Segment Start: RECORD SET
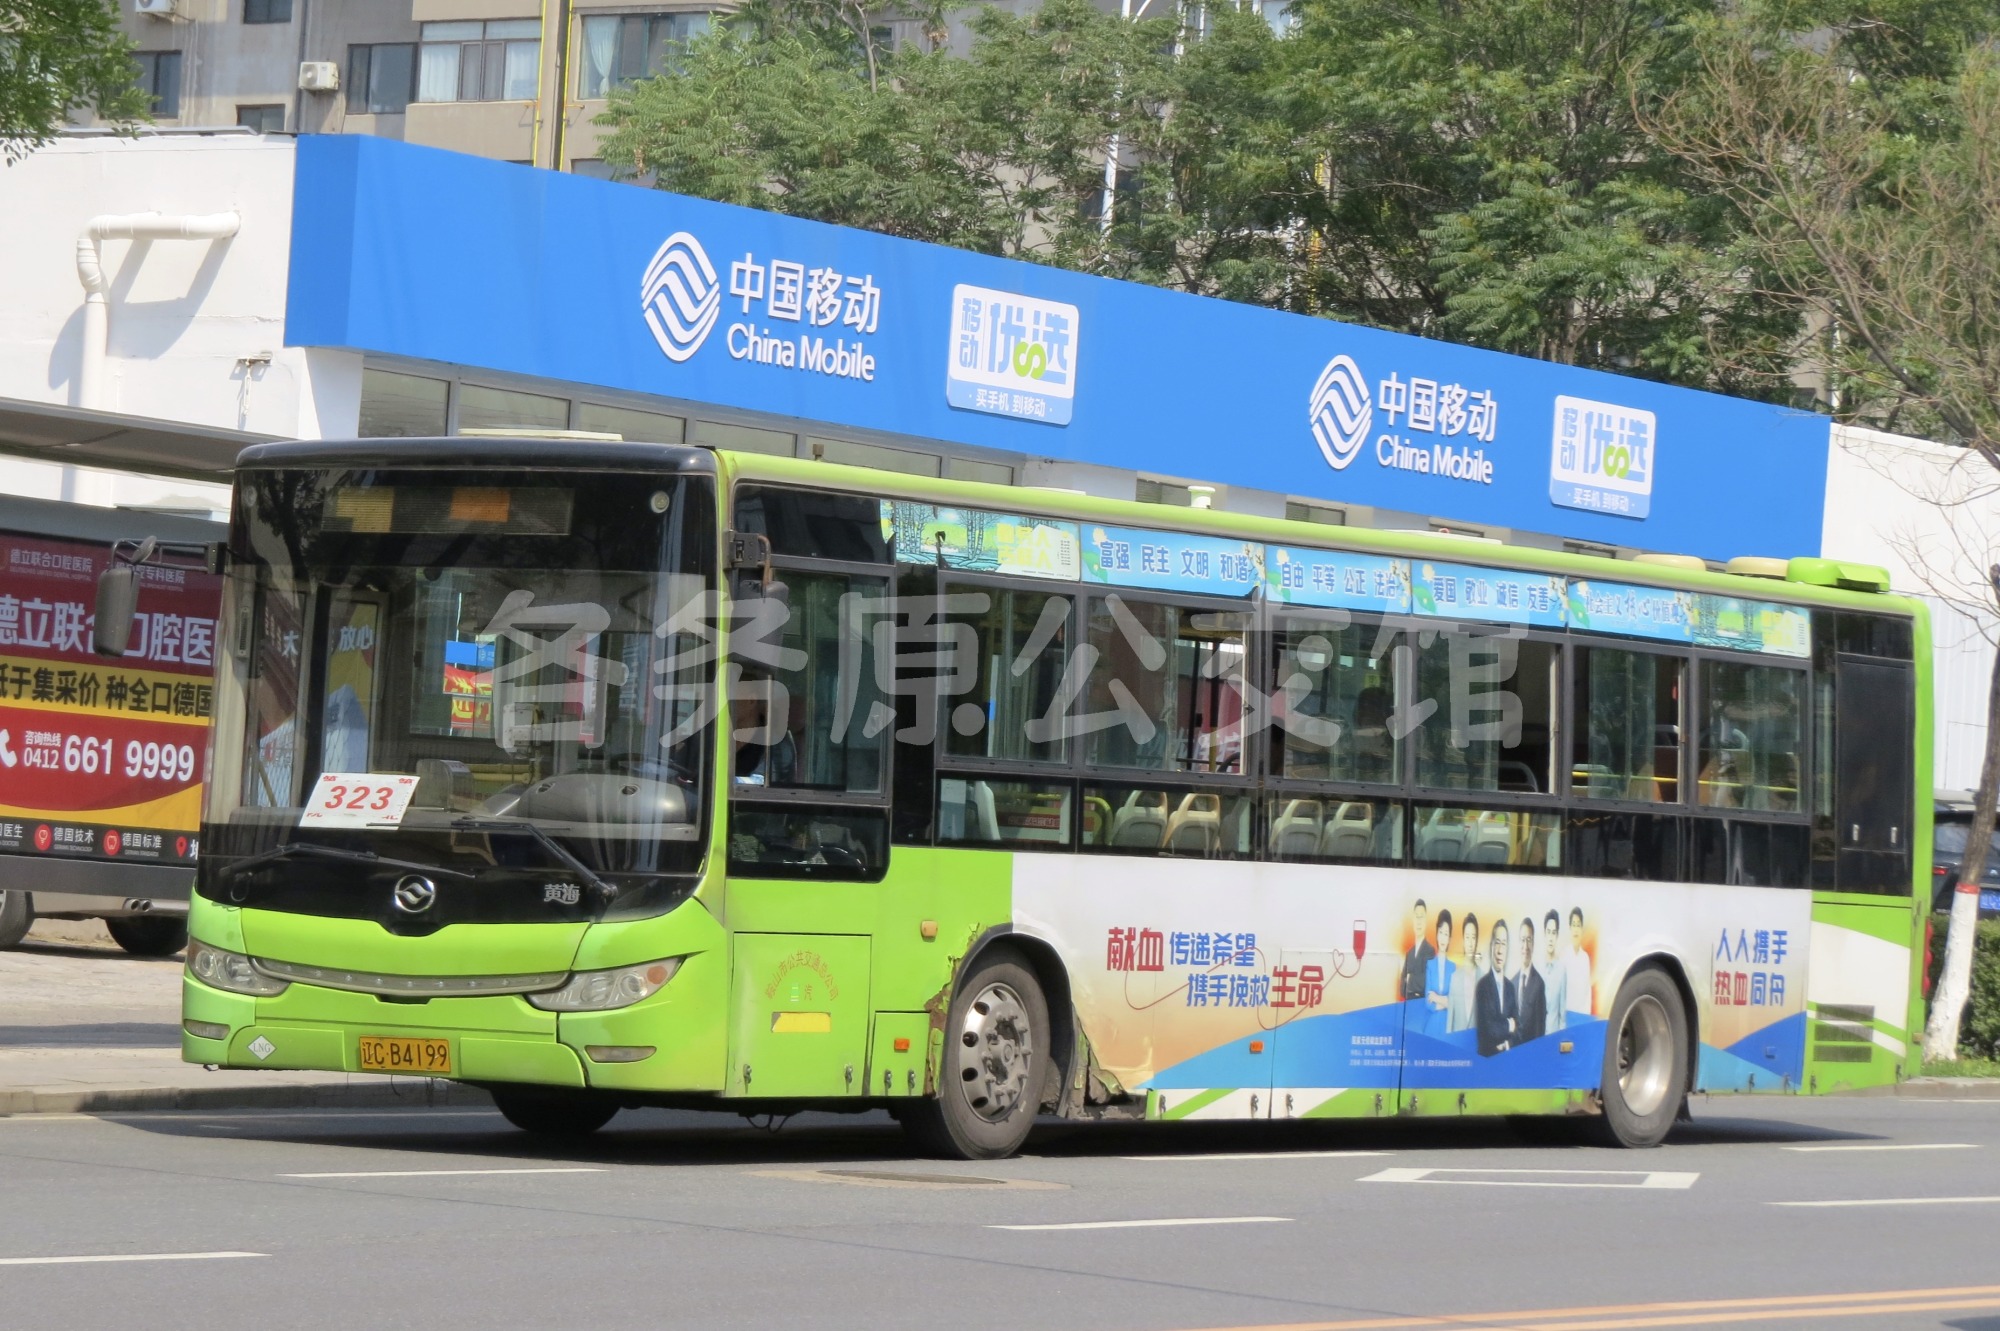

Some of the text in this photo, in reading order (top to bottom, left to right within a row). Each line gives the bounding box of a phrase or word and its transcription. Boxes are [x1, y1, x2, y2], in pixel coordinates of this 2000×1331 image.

[730, 252, 881, 334] 中国移动
[726, 322, 876, 382] China Mobile
[959, 297, 982, 370] 移动
[976, 388, 1046, 418] 买手机 到移动
[1378, 371, 1497, 443] 中国移动
[1560, 407, 1578, 471] 移动
[1376, 433, 1494, 485] China Mobile
[1100, 541, 1130, 570] 富强
[1142, 545, 1170, 573] 民主
[1181, 549, 1209, 578] 文明
[1220, 553, 1249, 582] 和谐
[1281, 562, 1304, 588] 自由
[1312, 564, 1335, 593] 平等
[1344, 567, 1366, 595] 公正
[1433, 577, 1456, 602] 爱国
[1496, 582, 1519, 608] 诚信
[1527, 585, 1549, 611] 友善
[25, 730, 61, 748] 咨询热线
[24, 735, 195, 783] 0412 661 9999
[324, 785, 394, 811] 323
[53, 826, 95, 845] 德国技术
[122, 832, 163, 849] 德国标准
[1106, 926, 1256, 972] 献血 传递希望
[1715, 927, 1788, 965] 人人携手
[1270, 964, 1324, 1009] 生命
[1714, 970, 1785, 1007] 热血同舟
[253, 1042, 271, 1054] LNG
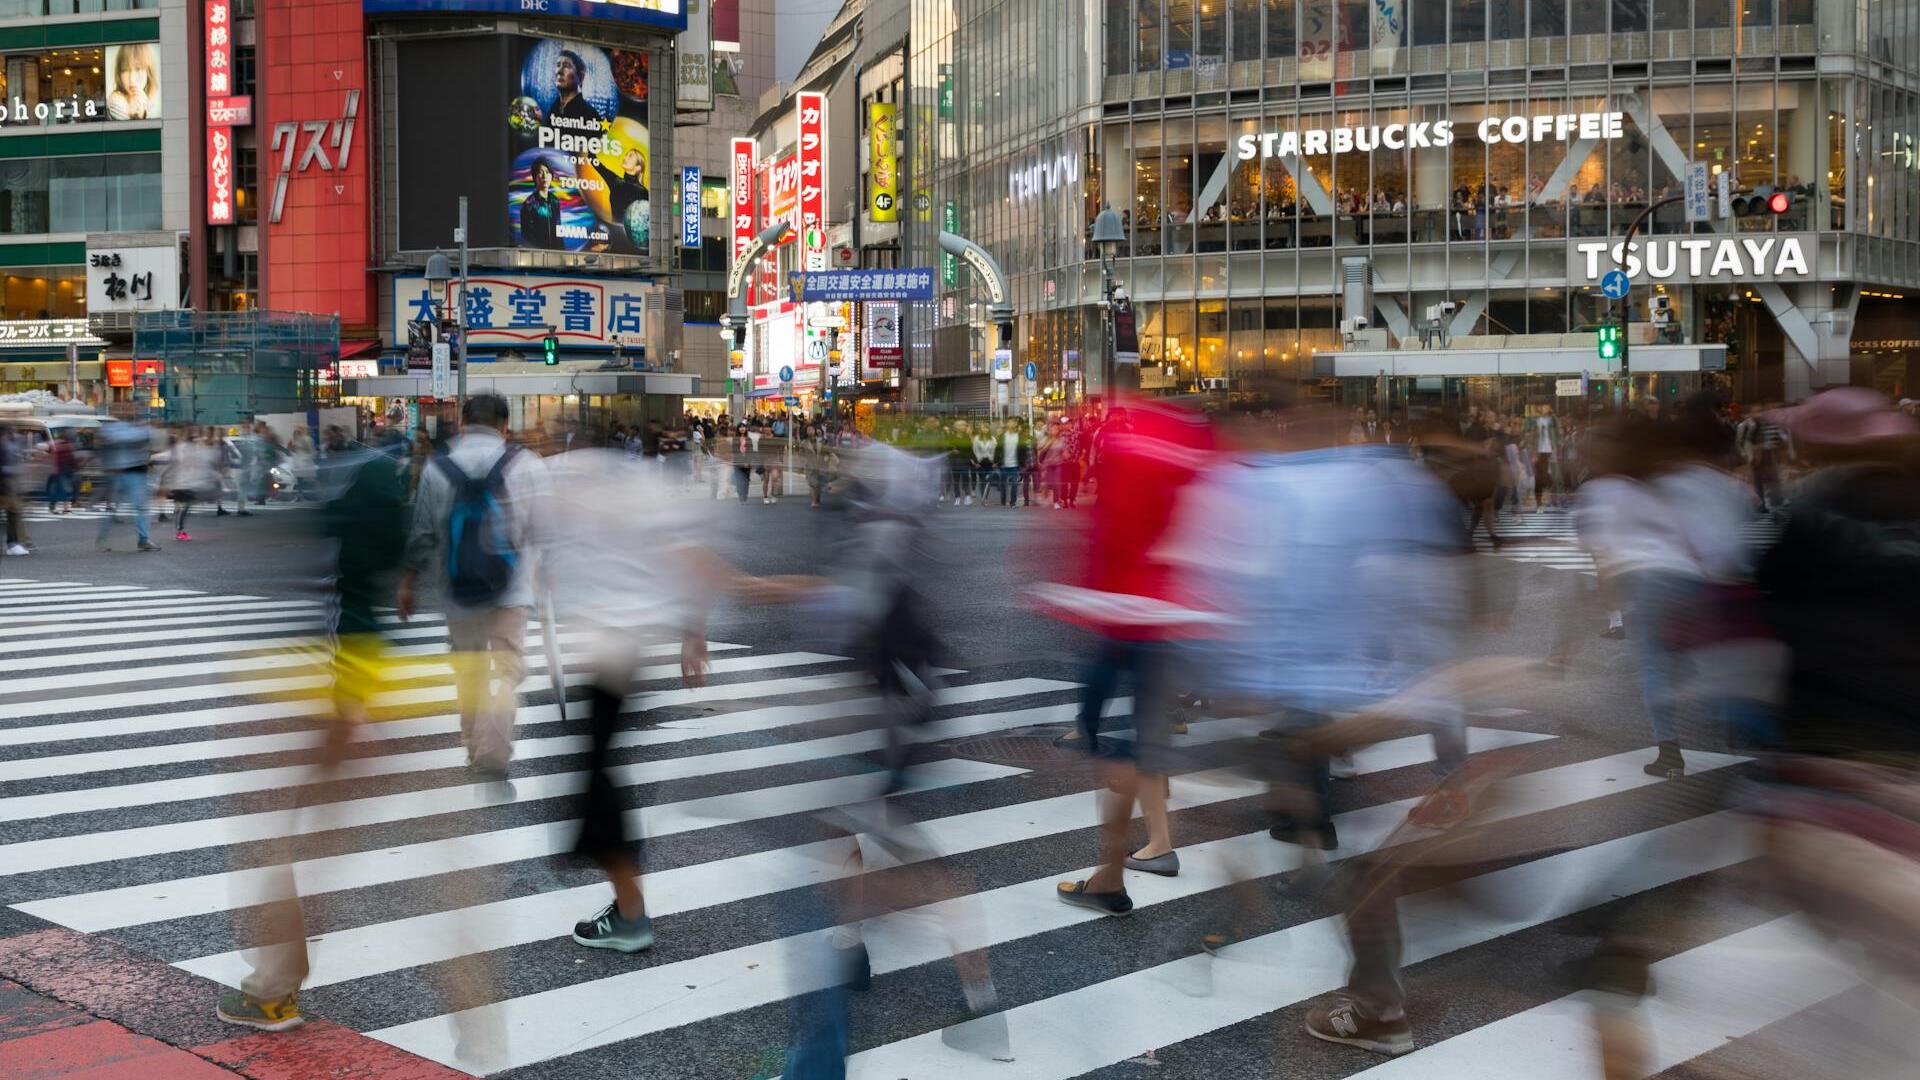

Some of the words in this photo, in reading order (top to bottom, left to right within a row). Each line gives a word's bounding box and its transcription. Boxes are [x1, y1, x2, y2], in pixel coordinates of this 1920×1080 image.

[521, 0, 549, 11] DHC
[210, 4, 228, 92] お好み焼
[550, 113, 601, 131] teamLab
[1237, 120, 1454, 160] STARBUCKS
[1477, 111, 1624, 144] COFFEE
[269, 89, 361, 223] クスリ
[538, 126, 622, 157] Planets
[801, 107, 821, 202] カラオケ
[212, 130, 229, 219] もんじゃ焼
[564, 156, 600, 167] TOKYO
[559, 177, 605, 191] TOYOSU
[876, 195, 891, 208] 4F
[555, 225, 609, 241] DMM.com
[1577, 238, 1809, 280] TSUTAYA
[806, 272, 930, 291] 全国交通安全運動実施中
[408, 287, 642, 334] 大盛堂書店
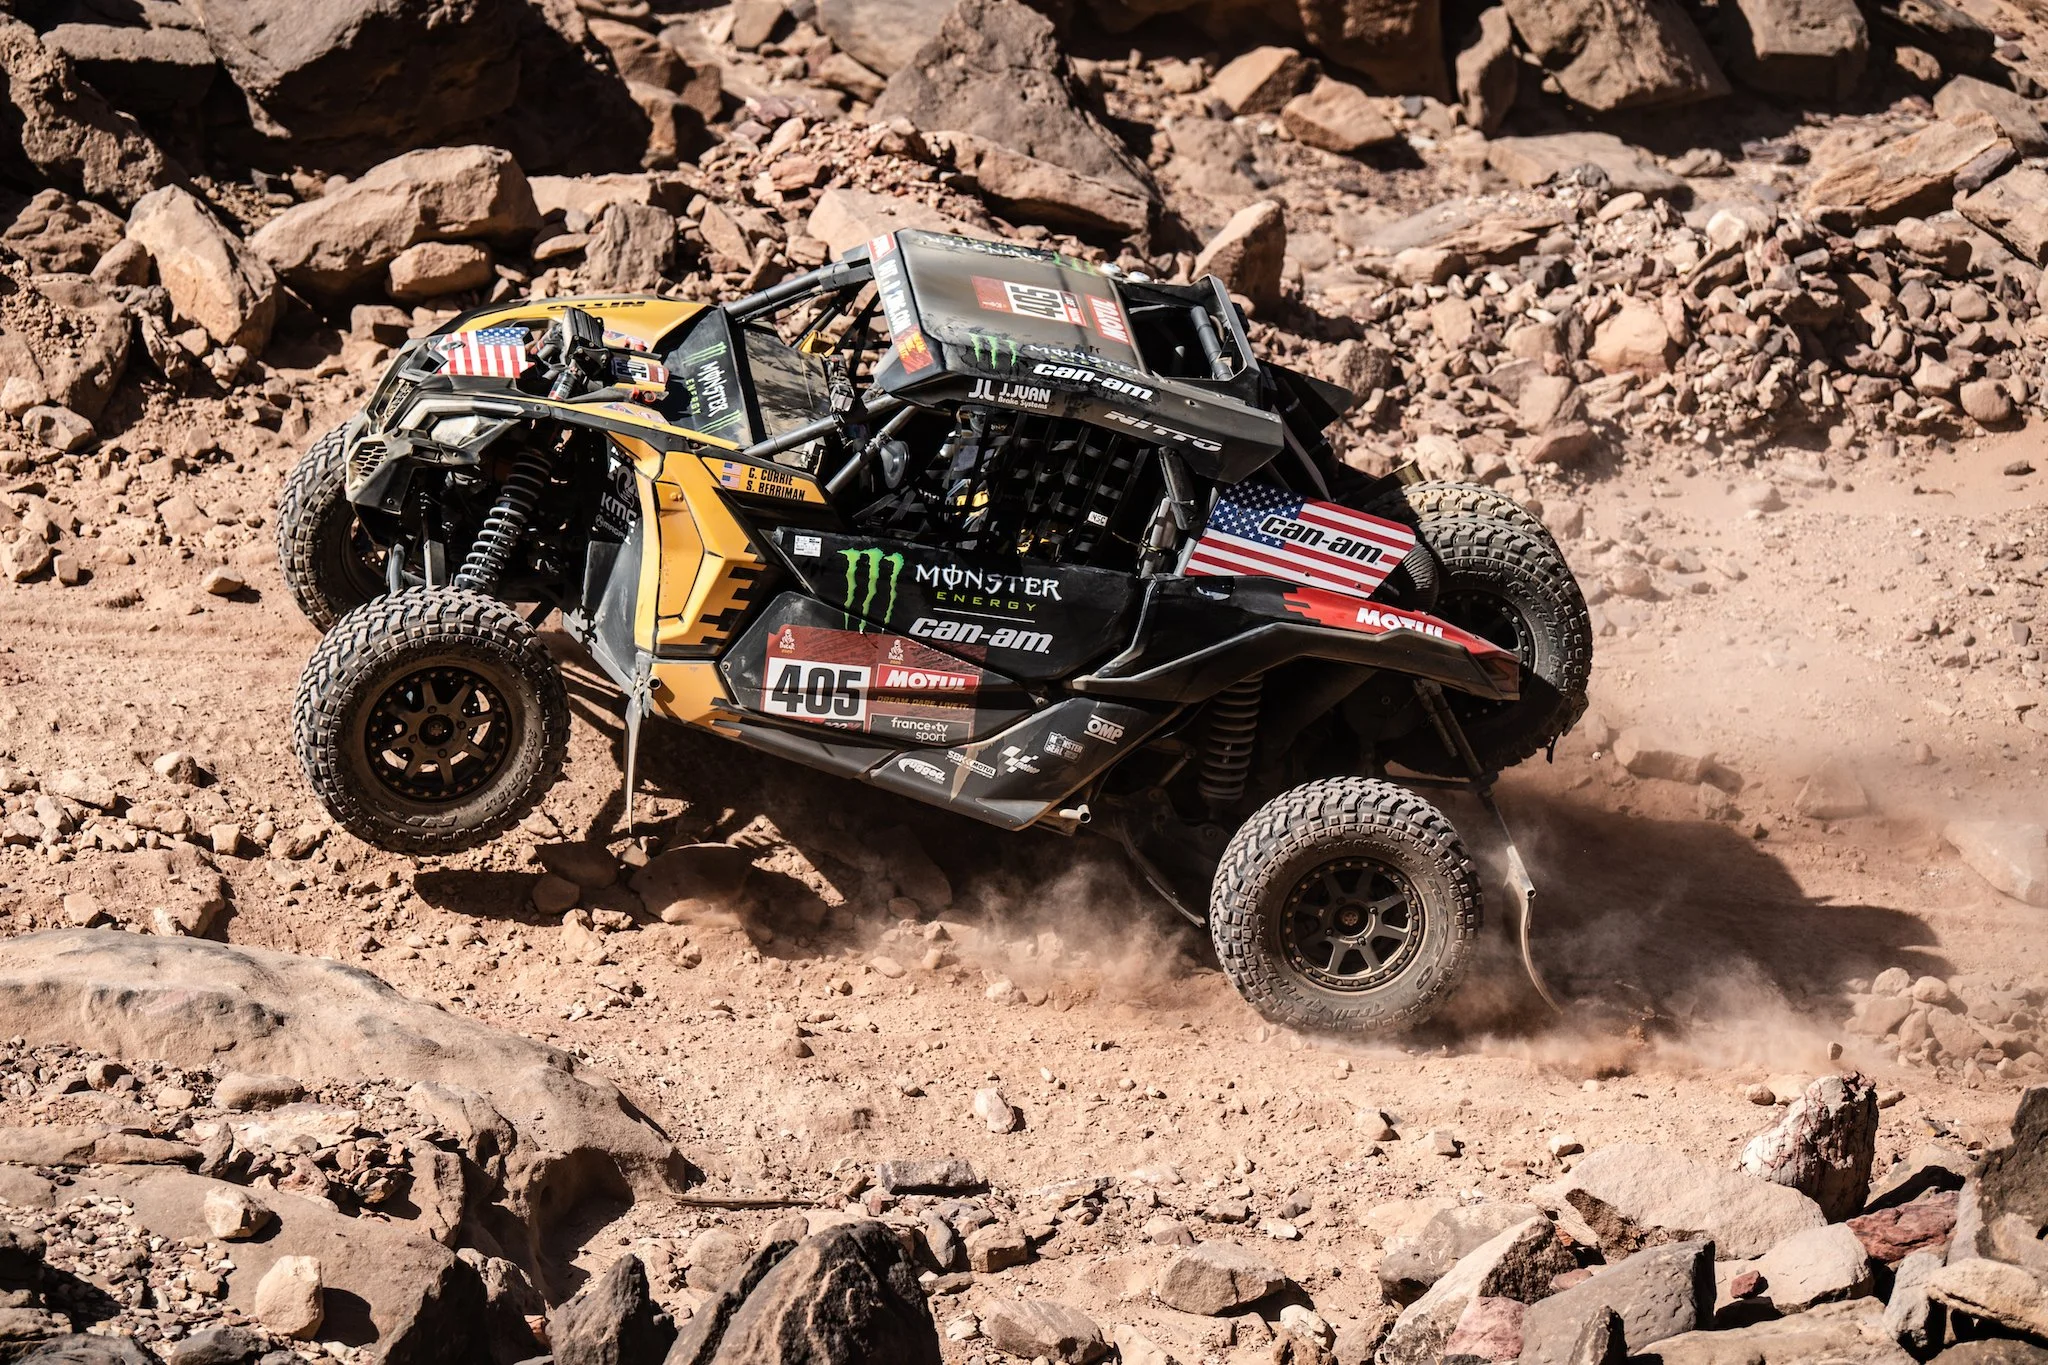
Segment End: RECORD SET
EXERCISE INSTRUCTIONS -
Output a verbatim copy of the lines from the line containing "Some of the words" through the end of the data, both included, without any images.

OUTPUT OF THE TASK -
Some of the words in this photo, in reading order (top to bottom, left to right within a row). Each line gives a word's bounding box and its transcription. Boxes are [x1, y1, x2, y2], in pixel coordinates of this 1920×1080 image.

[521, 0, 549, 11] DHC
[210, 4, 228, 92] お好み焼
[550, 113, 601, 131] teamLab
[1237, 120, 1454, 160] STARBUCKS
[1477, 111, 1624, 144] COFFEE
[269, 89, 361, 223] クスリ
[538, 126, 622, 157] Planets
[801, 107, 821, 202] カラオケ
[212, 130, 229, 219] もんじゃ焼
[564, 156, 600, 167] TOKYO
[559, 177, 605, 191] TOYOSU
[876, 195, 891, 208] 4F
[555, 225, 609, 241] DMM.com
[1577, 238, 1809, 280] TSUTAYA
[806, 272, 930, 291] 全国交通安全運動実施中
[408, 287, 642, 334] 大盛堂書店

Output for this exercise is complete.